Truist Securities analyst Greg Miller referred to the dividend “reset” as “clearly a negative event” but one that he deemed “likely necessary to avoid far worse conditions at a later date.”
“Although the company reiterated the fact that it would be in the 95th percentile of all dividend payers with a ~4% yield (~7% prior to announced cut), when pairing this reduction with the anticipated tax rate hikes and increasing capital expenditures, we believe the payout ratio could be increasingly pressured after already dropping from our estimate of ~63% in 2022,” Miller continued in a Monday note to clients.
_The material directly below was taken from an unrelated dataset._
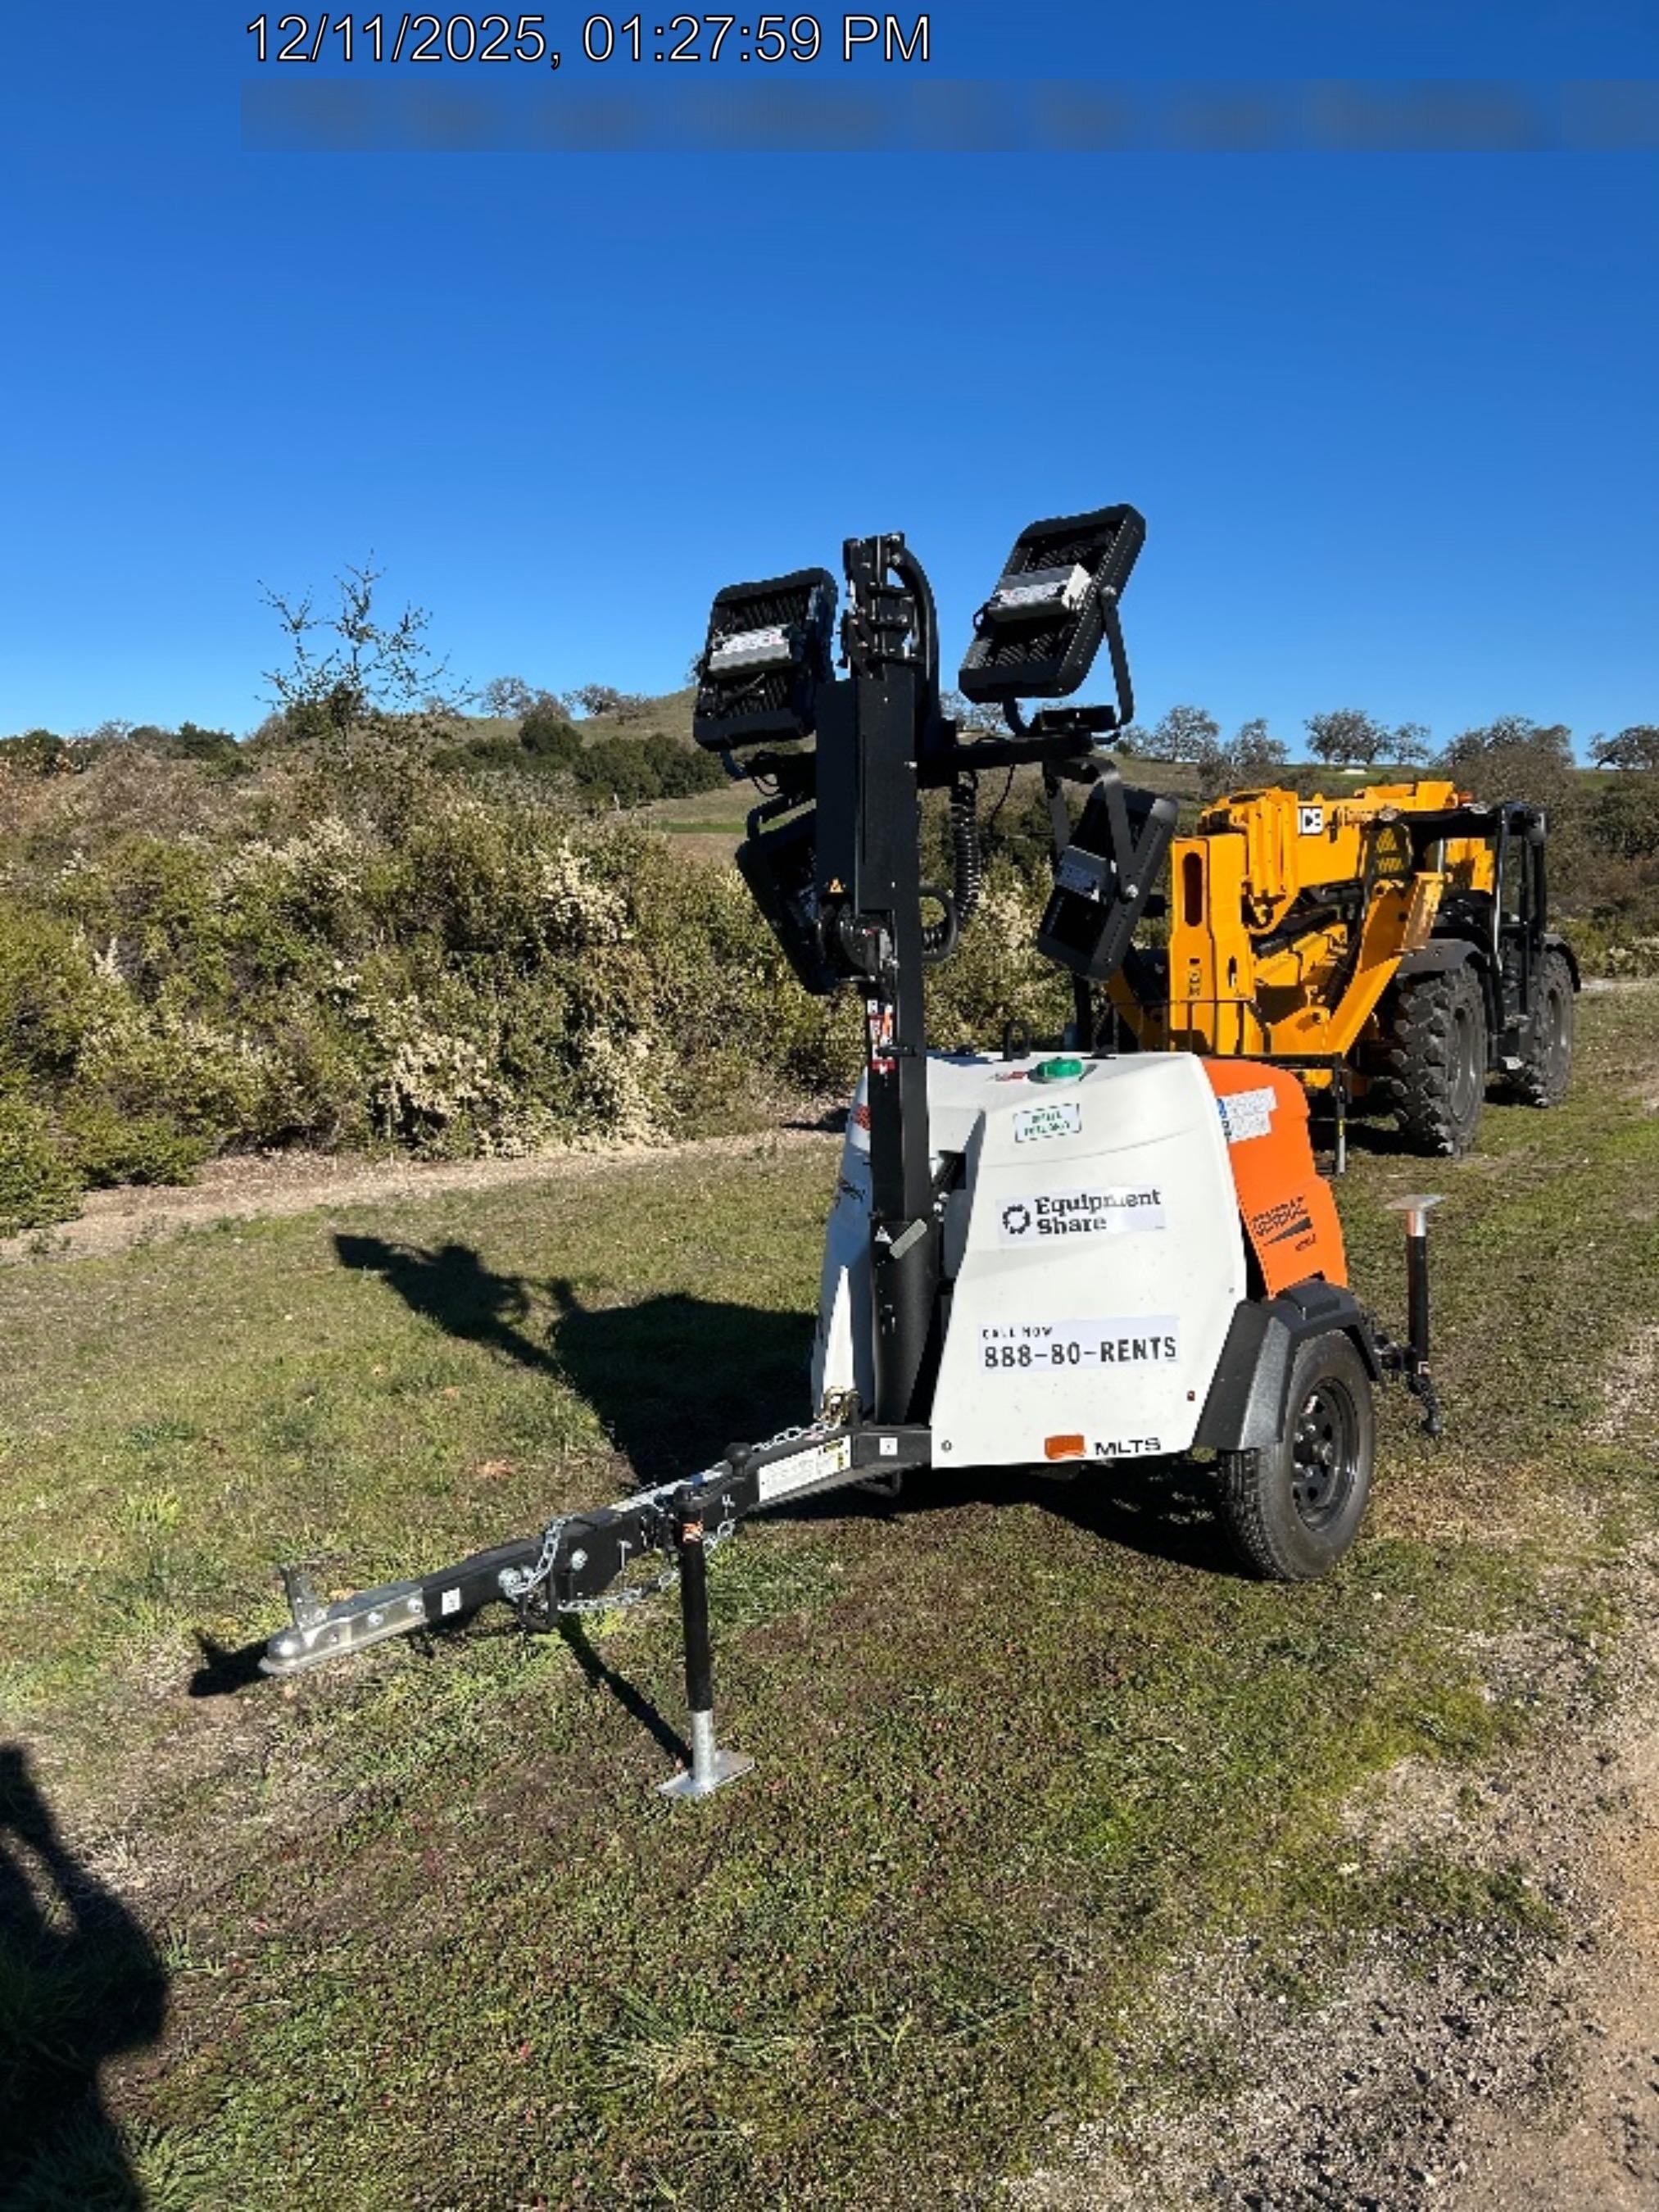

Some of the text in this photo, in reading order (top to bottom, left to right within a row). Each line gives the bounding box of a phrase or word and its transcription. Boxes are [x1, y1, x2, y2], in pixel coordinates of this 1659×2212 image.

He has a hold rating and $30 price target on AT&T’s shares.
William Blair analyst Jim Breen called the dividend cut “somewhat surprising given the income focus of some shareholders.”
“However, we note, post-close, AT&T’s dividend yield will be in line with Verizon VZ, -1.31% …at around 4.5%, which makes sense given the companies will now look similar from a business perspective,” he wrote in a Tuesday note to clients. “We believe AT&T became too broad in focus over the last few years, which restricted its ability to run efficiently.”
In Breen’s view, the deal will put AT&T on healthier financial footing, giving the company more flexibility to invest in its 5G buildout. He has a market perform rating on the shares.